- Aim of the task:
Produce the records again in full, exactly as shown below.

(Dataset excerpts)
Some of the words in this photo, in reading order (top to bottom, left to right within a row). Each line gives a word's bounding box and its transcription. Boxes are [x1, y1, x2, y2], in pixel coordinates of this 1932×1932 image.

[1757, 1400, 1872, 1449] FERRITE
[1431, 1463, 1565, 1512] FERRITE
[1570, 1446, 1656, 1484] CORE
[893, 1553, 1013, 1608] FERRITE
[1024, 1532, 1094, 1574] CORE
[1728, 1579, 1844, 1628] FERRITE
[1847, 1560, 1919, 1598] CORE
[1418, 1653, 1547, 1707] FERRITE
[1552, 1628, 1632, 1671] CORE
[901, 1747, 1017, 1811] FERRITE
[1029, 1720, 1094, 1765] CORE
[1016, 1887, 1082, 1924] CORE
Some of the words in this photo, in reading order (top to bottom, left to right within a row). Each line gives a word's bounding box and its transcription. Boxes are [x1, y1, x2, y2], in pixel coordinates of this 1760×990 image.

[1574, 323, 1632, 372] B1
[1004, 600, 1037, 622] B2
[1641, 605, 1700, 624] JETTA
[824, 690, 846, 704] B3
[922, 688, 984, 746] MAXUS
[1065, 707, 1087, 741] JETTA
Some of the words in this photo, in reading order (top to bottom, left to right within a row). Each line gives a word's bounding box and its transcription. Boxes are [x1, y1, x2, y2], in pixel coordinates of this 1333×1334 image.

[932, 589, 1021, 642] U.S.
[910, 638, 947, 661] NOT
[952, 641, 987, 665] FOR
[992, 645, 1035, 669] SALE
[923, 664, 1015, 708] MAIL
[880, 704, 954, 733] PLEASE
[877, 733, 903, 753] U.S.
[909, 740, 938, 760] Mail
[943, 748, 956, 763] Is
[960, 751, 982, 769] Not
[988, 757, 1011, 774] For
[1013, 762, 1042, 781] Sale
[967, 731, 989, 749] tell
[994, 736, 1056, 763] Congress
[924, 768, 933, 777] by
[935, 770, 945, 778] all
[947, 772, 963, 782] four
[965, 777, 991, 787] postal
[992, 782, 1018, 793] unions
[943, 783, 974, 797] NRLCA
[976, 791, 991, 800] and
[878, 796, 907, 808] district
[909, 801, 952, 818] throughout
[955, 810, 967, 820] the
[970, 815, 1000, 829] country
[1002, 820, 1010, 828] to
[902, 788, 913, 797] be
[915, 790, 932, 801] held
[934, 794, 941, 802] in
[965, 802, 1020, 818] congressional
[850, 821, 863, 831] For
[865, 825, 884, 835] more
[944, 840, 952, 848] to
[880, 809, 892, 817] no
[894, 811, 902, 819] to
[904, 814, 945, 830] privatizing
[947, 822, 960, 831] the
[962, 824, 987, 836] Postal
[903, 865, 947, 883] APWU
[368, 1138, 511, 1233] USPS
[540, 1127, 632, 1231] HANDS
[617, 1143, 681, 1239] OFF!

- Answer box:
Some of the words in this photo, in reading order (top to bottom, left to right within a row). Each line gives a word's bounding box and its transcription. Boxes are [x1, y1, x2, y2], in pixel coordinates of this 1932×1932 image.

[1757, 1400, 1872, 1449] FERRITE
[1431, 1463, 1565, 1512] FERRITE
[1570, 1446, 1656, 1484] CORE
[893, 1553, 1013, 1608] FERRITE
[1024, 1532, 1094, 1574] CORE
[1728, 1579, 1844, 1628] FERRITE
[1847, 1560, 1919, 1598] CORE
[1418, 1653, 1547, 1707] FERRITE
[1552, 1628, 1632, 1671] CORE
[901, 1747, 1017, 1811] FERRITE
[1029, 1720, 1094, 1765] CORE
[1016, 1887, 1082, 1924] CORE
Some of the words in this photo, in reading order (top to bottom, left to right within a row). Each line gives a word's bounding box and its transcription. Boxes are [x1, y1, x2, y2], in pixel coordinates of this 1760×990 image.

[1574, 323, 1632, 372] B1
[1004, 600, 1037, 622] B2
[1641, 605, 1700, 624] JETTA
[824, 690, 846, 704] B3
[922, 688, 984, 746] MAXUS
[1065, 707, 1087, 741] JETTA
Some of the words in this photo, in reading order (top to bottom, left to right within a row). Each line gives a word's bounding box and its transcription. Boxes are [x1, y1, x2, y2], in pixel coordinates of this 1333×1334 image.

[932, 589, 1021, 642] U.S.
[910, 638, 947, 661] NOT
[952, 641, 987, 665] FOR
[992, 645, 1035, 669] SALE
[923, 664, 1015, 708] MAIL
[880, 704, 954, 733] PLEASE
[877, 733, 903, 753] U.S.
[909, 740, 938, 760] Mail
[943, 748, 956, 763] Is
[960, 751, 982, 769] Not
[988, 757, 1011, 774] For
[1013, 762, 1042, 781] Sale
[967, 731, 989, 749] tell
[994, 736, 1056, 763] Congress
[924, 768, 933, 777] by
[935, 770, 945, 778] all
[947, 772, 963, 782] four
[965, 777, 991, 787] postal
[992, 782, 1018, 793] unions
[943, 783, 974, 797] NRLCA
[976, 791, 991, 800] and
[878, 796, 907, 808] district
[909, 801, 952, 818] throughout
[955, 810, 967, 820] the
[970, 815, 1000, 829] country
[1002, 820, 1010, 828] to
[902, 788, 913, 797] be
[915, 790, 932, 801] held
[934, 794, 941, 802] in
[965, 802, 1020, 818] congressional
[850, 821, 863, 831] For
[865, 825, 884, 835] more
[944, 840, 952, 848] to
[880, 809, 892, 817] no
[894, 811, 902, 819] to
[904, 814, 945, 830] privatizing
[947, 822, 960, 831] the
[962, 824, 987, 836] Postal
[903, 865, 947, 883] APWU
[368, 1138, 511, 1233] USPS
[540, 1127, 632, 1231] HANDS
[617, 1143, 681, 1239] OFF!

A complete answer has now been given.